Rosa Basto, licenciada em Psicologia, hipnoterapeuta e autora do livro Comece a Viver Agora (Planeta), não tem dúvidas: “A nossa capacidade de adaptação e a necessidade de procurar prazer vão fazer com que as pessoas, apesar de todos os receios, se apaixonem como sempre fizeram. O cérebro gosta particularmente de ter prazer na vida e foge da dor, logo vai haver um regresso à vida paulatino, sobretudo se, durante o confinamento, as pessoas refletiram sobre as suas prioridades”.

Rosa Basto acredita que “quem antes já tinha medo da rejeição e se escondia atrás das redes sociais tenha ainda mais receios agora, mas os outros não. Os primeiros vão precisar de ajuda, os outros terão mais facilidade. Os seres humanos são gregários, gostam de estar juntos, precisam de afeto”.

Para confirmar o que expõe, a hipnoterapeuta lembra que Freud já dizia que temos duas grandes necessidades: “A necessidade de sermos desejados e de ser importantes. Para isso, precisamos dos outros e é isso que o cérebro procura, alguém que nos valorize, que nos deseje e que nos aprecie. Além disso, a Humanidade já ultrapassou outras pandemias e as pessoas não deixaram de amar e o mundo de prosperar. E é o que vai acontecer novamente, é preciso ter cuidado nas relações, como em tudo o que fazemos hoje, mas vamos continuar a apaixonarmo-nos”.

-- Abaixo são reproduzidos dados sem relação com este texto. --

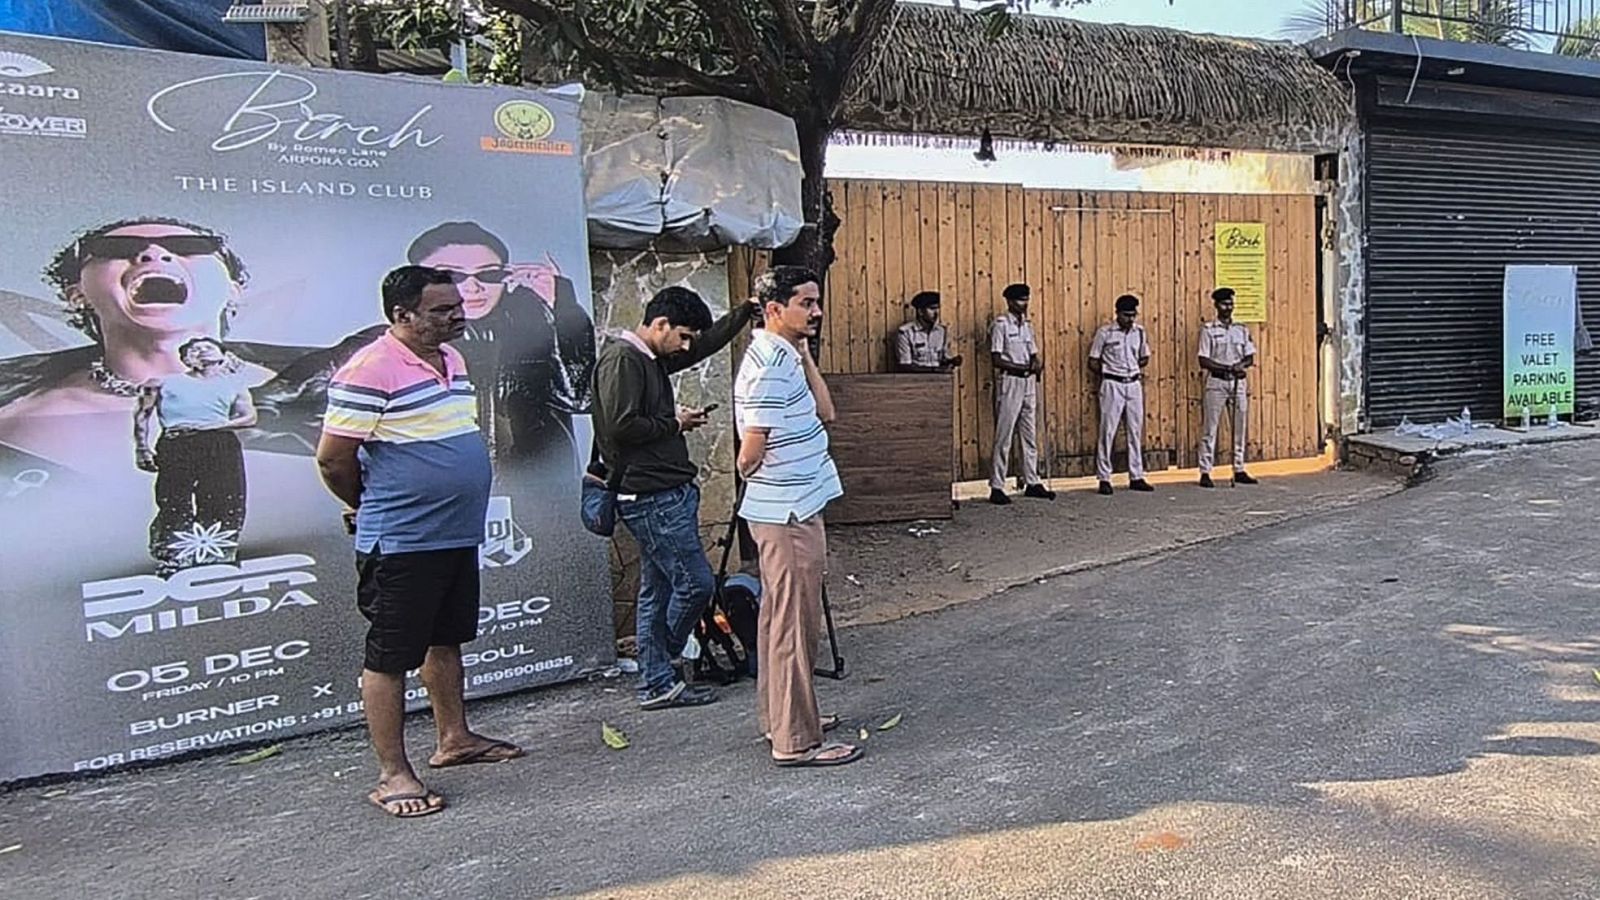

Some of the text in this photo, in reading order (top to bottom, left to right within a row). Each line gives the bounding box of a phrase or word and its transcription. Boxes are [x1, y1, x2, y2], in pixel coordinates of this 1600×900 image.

[147, 70, 444, 150] Birch
[278, 154, 380, 168] ARPORA GOA
[352, 147, 388, 157] Lane
[174, 175, 433, 199] THE ISLAND CLUB
[1525, 332, 1556, 347] FREE
[1521, 352, 1560, 367] VALET
[1513, 371, 1567, 387] PARKING
[1507, 390, 1572, 408] AVAILABLE
[86, 589, 319, 643] MILDA
[500, 621, 518, 633] 10
[519, 617, 543, 628] PM
[107, 639, 311, 692] 05 DEC
[142, 680, 212, 701] FRIDAY
[230, 673, 251, 684] 10
[255, 667, 285, 679] PM
[73, 753, 124, 772] FOR
[130, 714, 297, 761] RESERVATIONS
[472, 655, 574, 686] 8595908825
[130, 694, 280, 736] BURNER
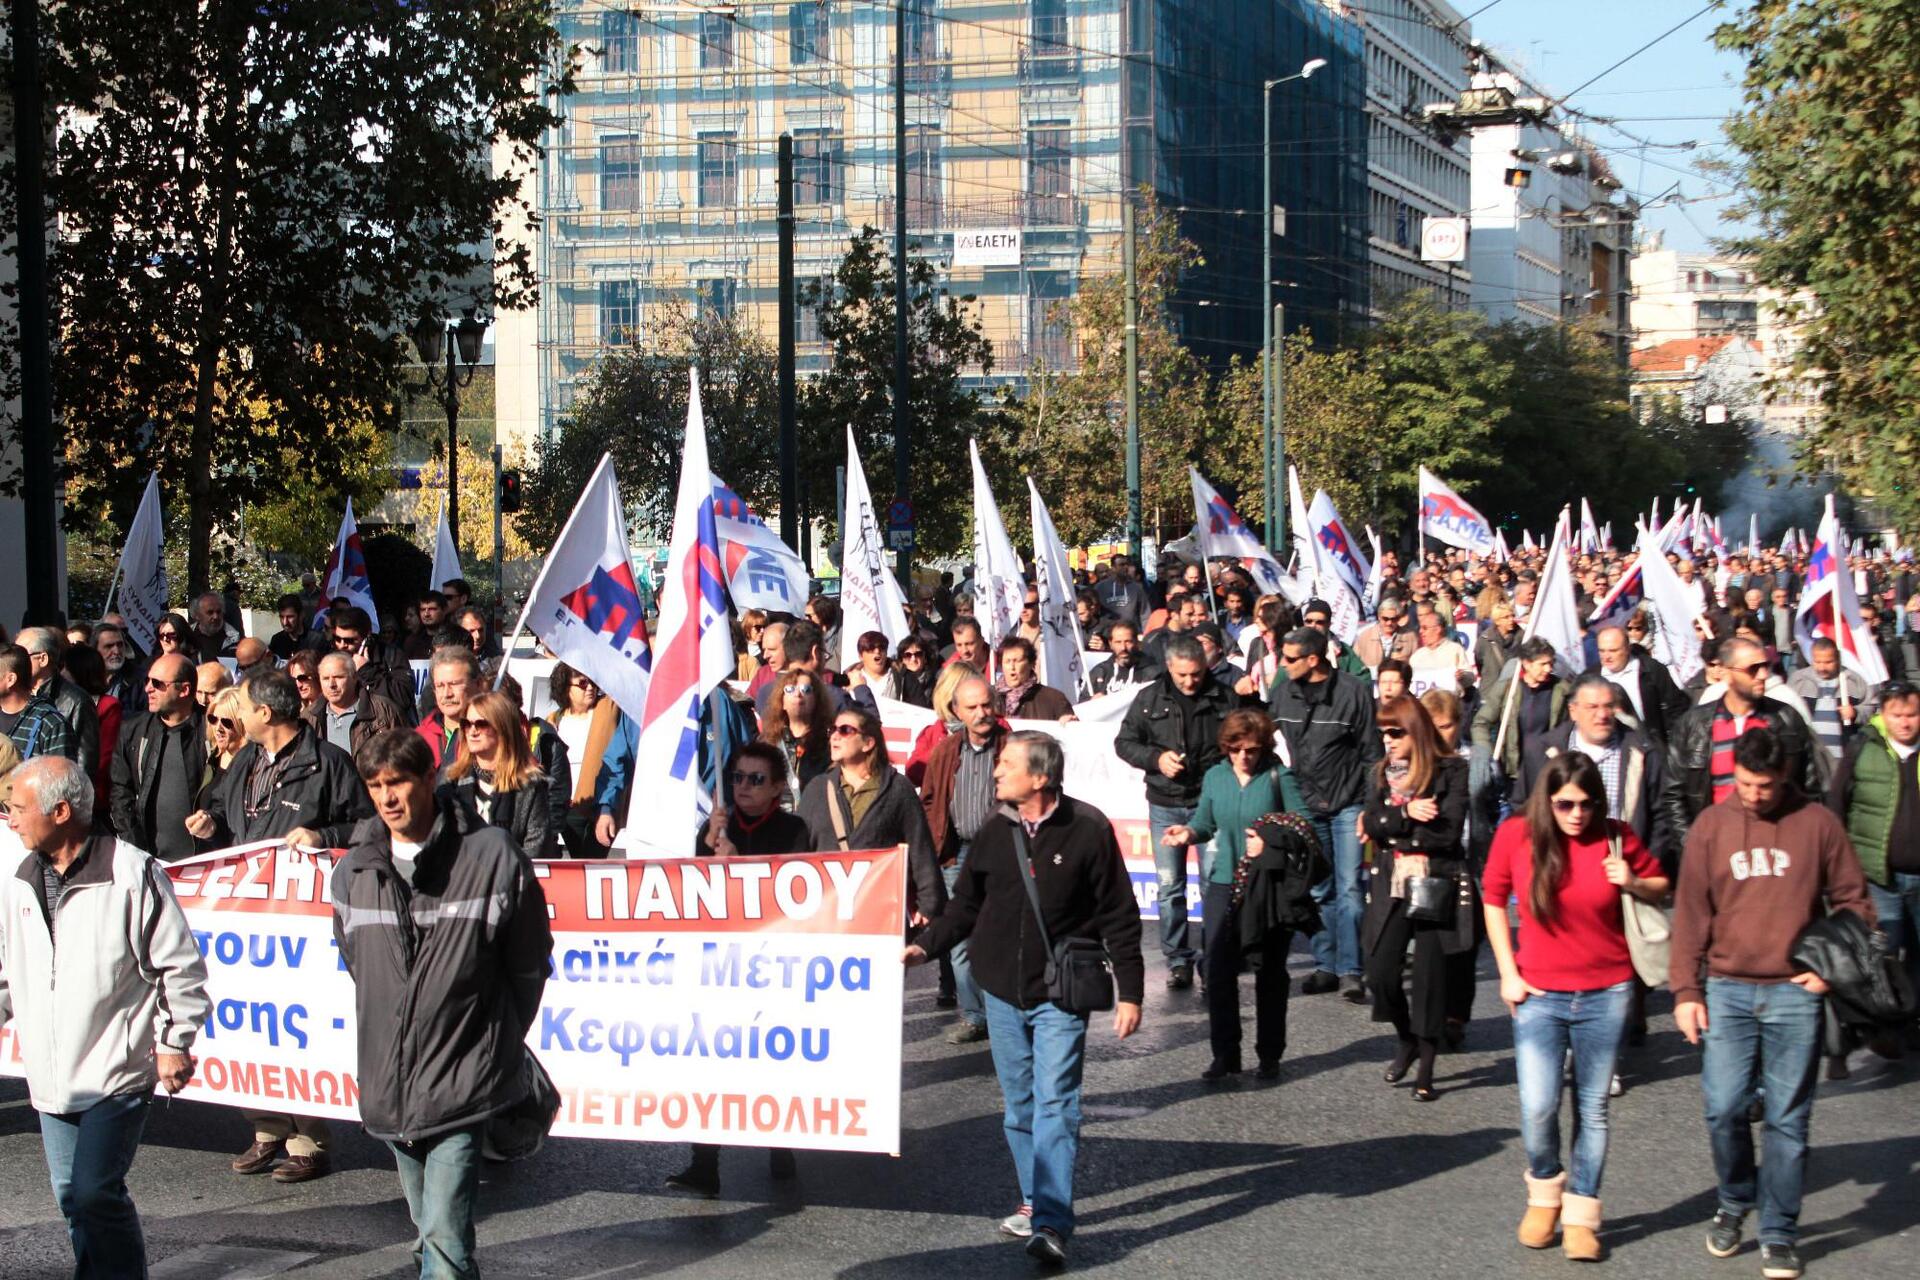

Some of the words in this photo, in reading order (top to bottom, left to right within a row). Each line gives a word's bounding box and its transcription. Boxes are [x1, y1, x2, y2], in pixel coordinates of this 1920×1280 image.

[583, 860, 874, 921] ΠΑΝΤΟΥ
[1729, 847, 1792, 880] GAP
[701, 939, 872, 1003] Μέτρα
[539, 1006, 831, 1067] Κεφαλαίου
[556, 1086, 869, 1137] ΠΕΤΡΟΥΠΟΛΗΣ

Quem realmente amava voltou mais forte para a relação, até porque foi fácil manter o contacto, apesar da distância física; já os relacionamentos de quem tinha dúvidas e não sentiu saudades dificilmente irão sobreviver – Rosa Basto, hipnoterapeuta

Do online para o físico

Mas terá a Covid-19 contribuído para que as relações comecem cada vez mais através de redes sociais?

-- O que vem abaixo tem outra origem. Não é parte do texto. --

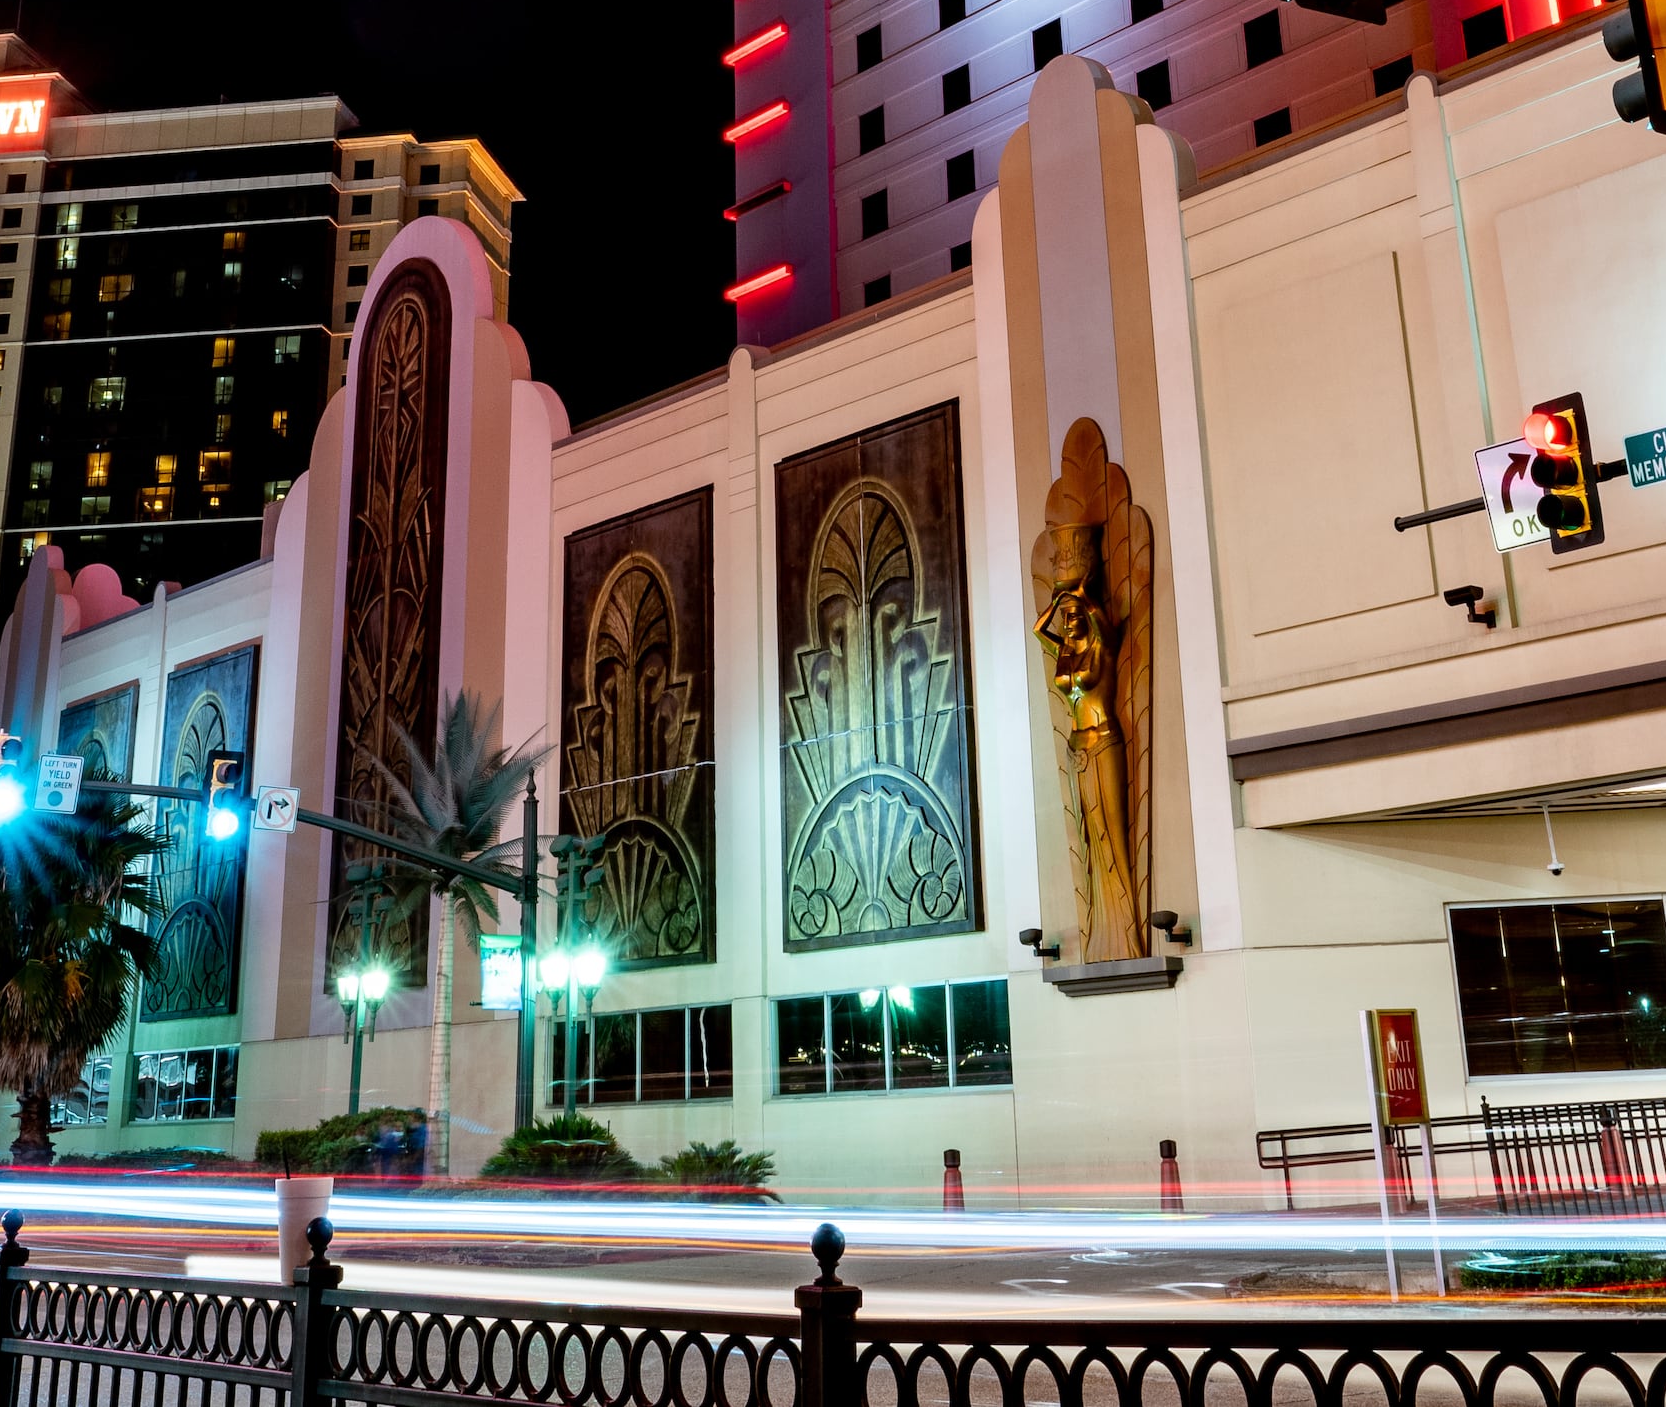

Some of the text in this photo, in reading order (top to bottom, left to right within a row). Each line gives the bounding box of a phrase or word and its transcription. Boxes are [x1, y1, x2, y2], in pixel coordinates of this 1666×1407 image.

“Já era um pouco assim antes da pandemia e é normal que se tenha acentuado, mas os relacionamentos não se ficam apenas pelos dispositivos tecnológicos. Para se manterem, têm de passar para o plano físico. E acho que o facto de termos estado tão afastados durante este tempo nos fez dar mais importância às coisas mais simples, ao amor, à paixão, ao estarmos juntos”, responde Rosa Basto.

E os casais que tiveram de se afastar durante o confinamento, vão sobreviver?

“Quem realmente amava voltou mais forte para a relação, até porque foi fácil manter o contacto, apesar da distância física; já os relacionamentos de quem tinha dúvidas e não sentiu saudades dificilmente irão sobreviver”, afirma Rosa Basto, olhando para o que tem assistido na sua prática clínica.

Para terminar, qual é o segredo para o sucesso dos casais, novos ou já ‘antigos’?

Num relacionamento amoroso tem de haver partilha, cedências dos dois lados e não só de um, conversas abertas e regulares, conhecer e aceitar o outro, realçar o que o outro tem de melhor em vez de criticar, elogiar, ou seja, respeitar o outro”, remata Rosa Basto.

A versão original deste artigo foi publicada na revista Saber Viver nº 242, agosto de 2020.